The priority indicator 410 reflects the priority determined by the driver for the given data element at block 202. The particular value of the priority indicator 410 may comprise any of the number of predetermined priority levels. For example, in a presently preferred embodiment, at least three priority levels are determined in advance. In this instance, the priority levels may be labeled as high, medium and low. Of course, it is understood that a greater or lesser number of priority levels may be determined as a matter of design choice without loss of generality of the present invention.
Finally, the sequence indicator 412 is provided which enables the co-processor to ensure that the queued data elements are processed in order. As described in further detail below, when lower priority data elements are effectively removed from the queue, a sequence indicator for the priority data element that lead to the preemption of the lower priority data element(s) needs to be modified in order to ensure proper processing by the co-processor and/or host processor.

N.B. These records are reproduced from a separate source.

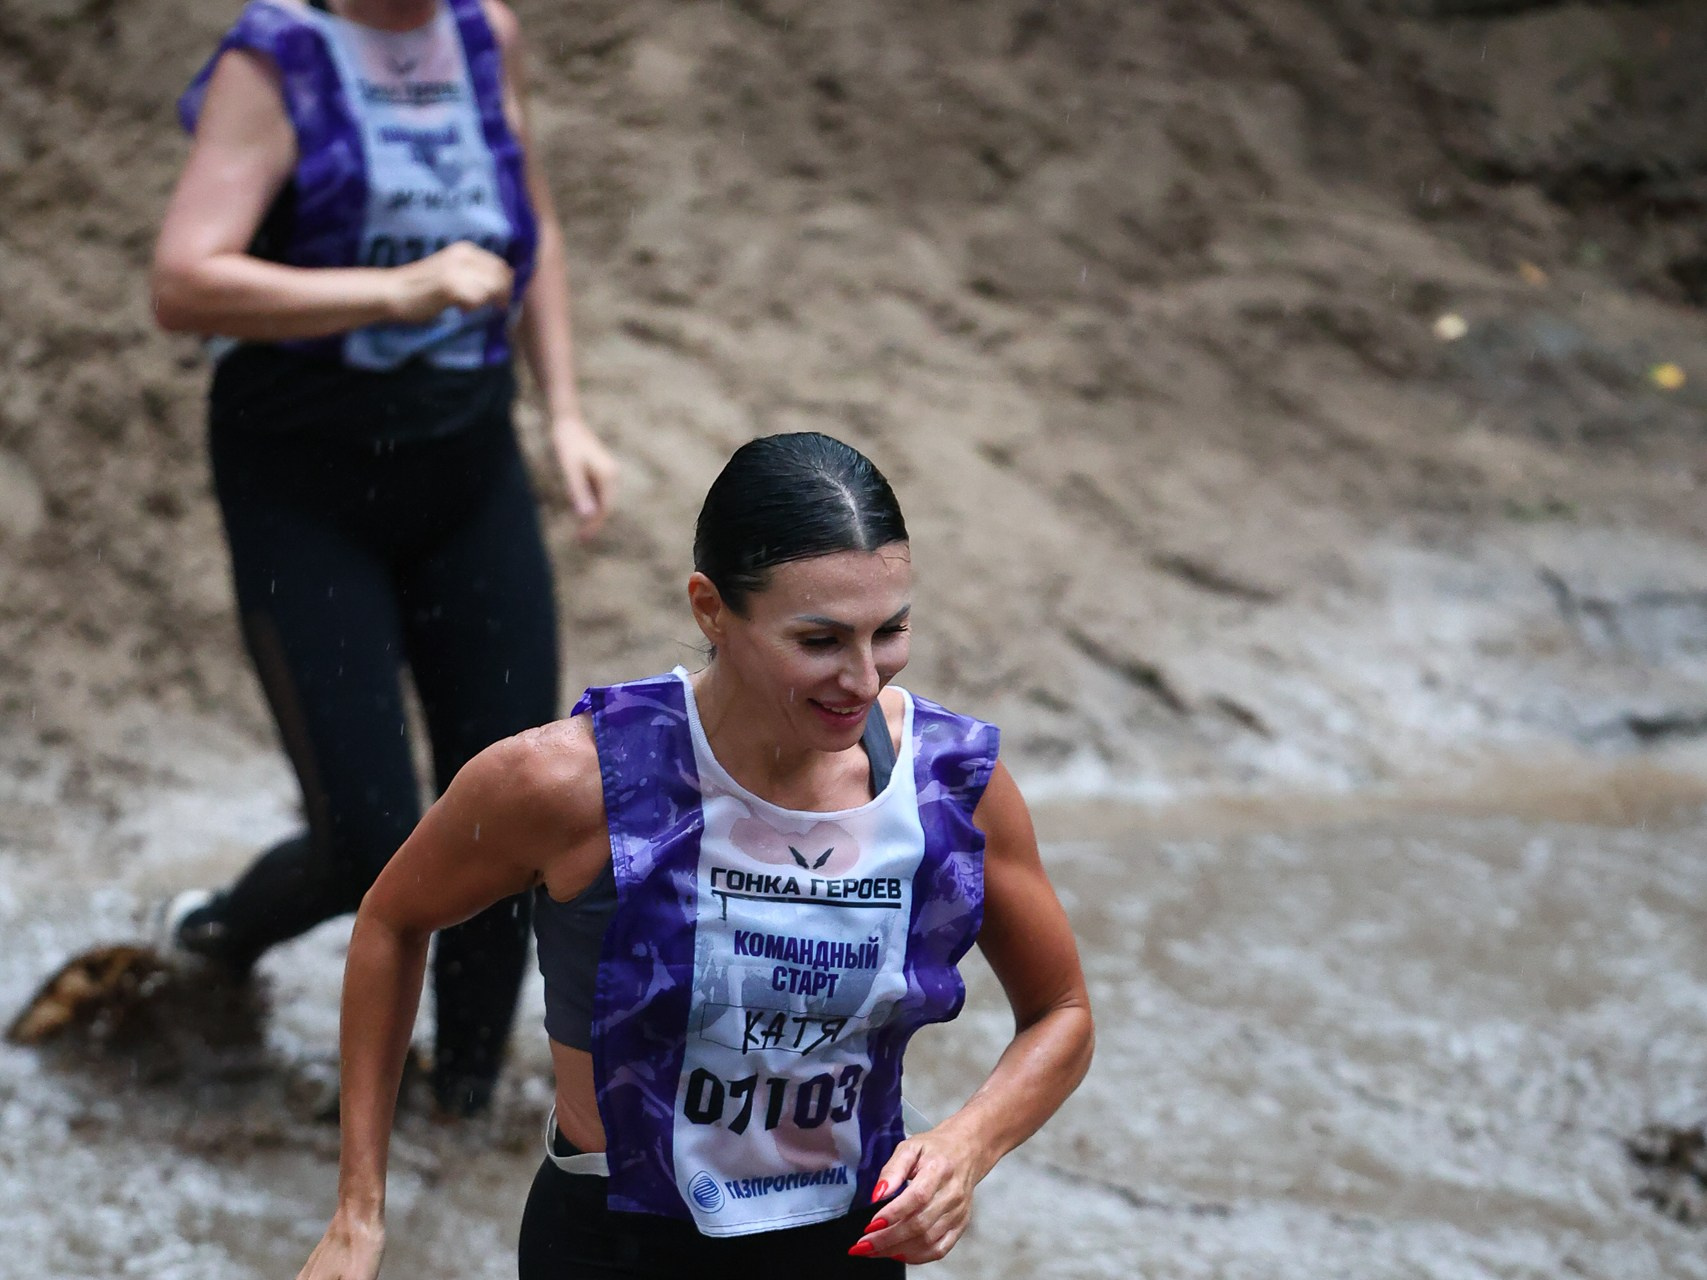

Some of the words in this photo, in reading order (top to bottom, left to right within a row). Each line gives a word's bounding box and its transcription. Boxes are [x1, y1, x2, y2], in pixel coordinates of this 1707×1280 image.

[710, 867, 800, 895] ГОНКА
[810, 878, 902, 899] ГЕРОЕВ
[734, 930, 880, 970] КОМАНДНЫЙ
[772, 966, 839, 998] СТАРТ
[742, 1010, 848, 1056] КАТЯ
[683, 1064, 864, 1135] 07103
[724, 1165, 849, 1200] ГАЗПРОМБАНК
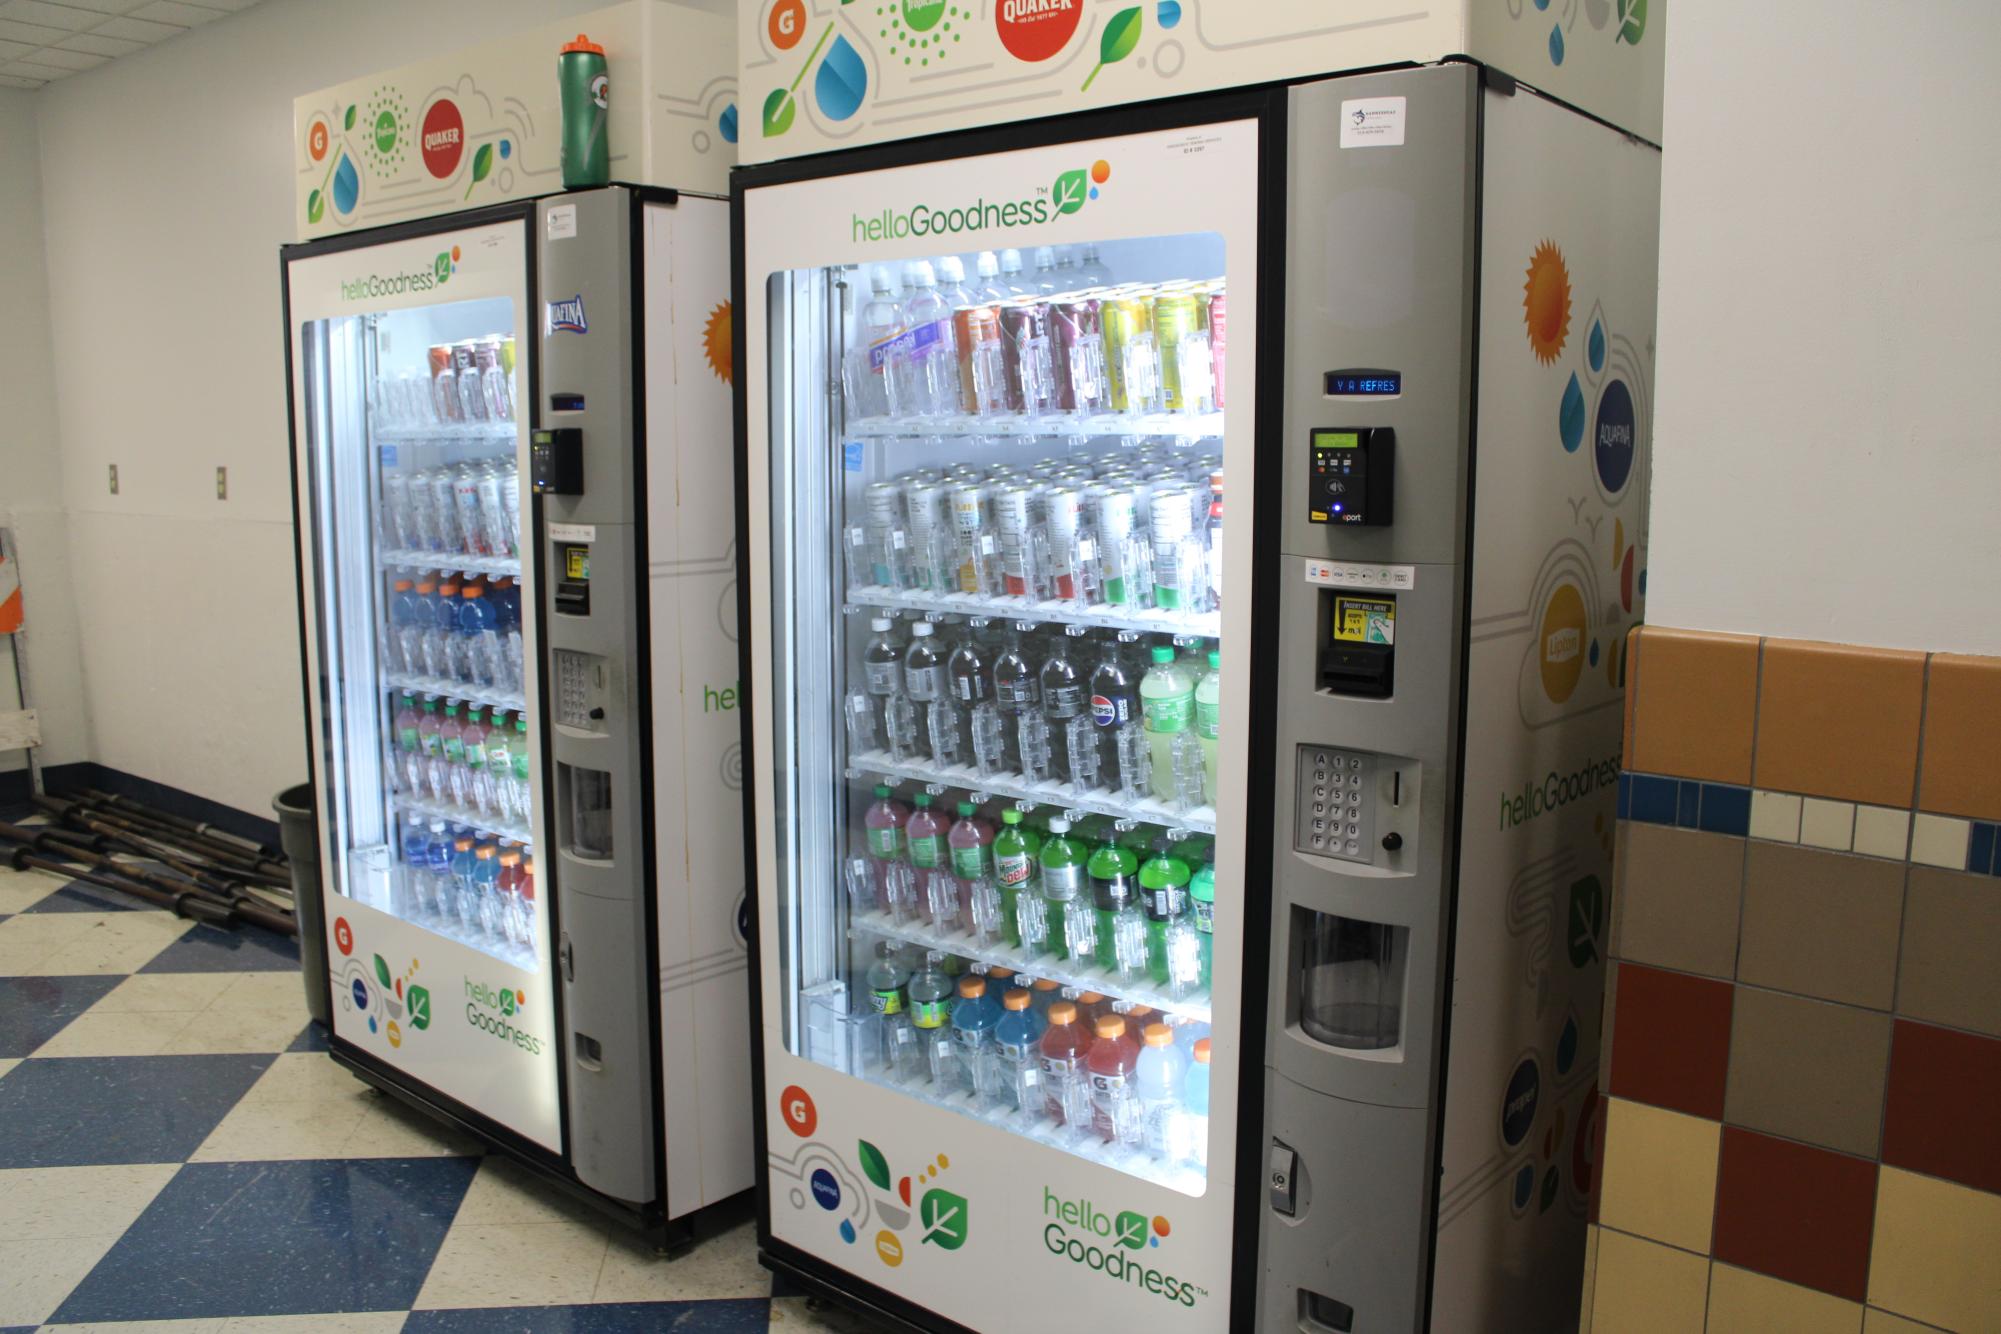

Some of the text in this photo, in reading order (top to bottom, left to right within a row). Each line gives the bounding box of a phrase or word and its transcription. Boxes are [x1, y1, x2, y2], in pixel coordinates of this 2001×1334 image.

[778, 9, 795, 35] G
[314, 132, 323, 149] G
[425, 128, 460, 152] QUAKER
[853, 199, 1048, 242] helloGoodness
[341, 270, 433, 301] helloGoodness
[1360, 380, 1396, 392] REFRES
[1599, 423, 1631, 447] AQUAFINA
[1550, 635, 1578, 656] Lipton
[1318, 755, 1359, 768] A 1 2
[1318, 771, 1358, 784] B 3 4
[1317, 787, 1357, 801] C 5 6
[1316, 804, 1357, 818] D 7 8
[1316, 820, 1322, 828] E
[1333, 822, 1339, 831] 9
[1315, 835, 1321, 844] F
[464, 976, 498, 1009] hello
[466, 1002, 540, 1055] Goodness
[1093, 1076, 1108, 1091] G
[790, 1099, 807, 1124] G
[1043, 1185, 1112, 1238] hello
[1043, 1223, 1196, 1307] Goodness

Referring once again to FIG. 2, the data elements that were written into the shadow buffer at block 206 are likewise written by the driver into the queue at block 208. Note that the headers of the queued data elements may be identical to the headers for the shadowed data elements (i.e., those data elements written into the shadow buffer at block 206, including the pointers and priority indications). However, it is also possible to leave the signature 404, pointers 406, 408, priority indicator 410 and/or sequence indicator 412 out of the headers of the queued data elements. If, however, at block 204 the priority of the data element under consideration is higher than the lowest priority (i.e., it is not the lowest priority) then processing continues at block 210 where the priority data element is written to the queue. As part of the priority data element, the header thereof is modified to include a query packet. The query packet, when processed by the co-processor, causes the co-processor to provide the host processor with information regarding a last executed queued data element. In this manner, the host processor (driver) can determine when the lower priority data element(s) has been skipped. Additionally, this information also allows the host processor to determine how the sequence indicator of the priority data element should be updated in order to preserve proper sequencing. This process is further illustrated with reference to FIG. 6 and 7.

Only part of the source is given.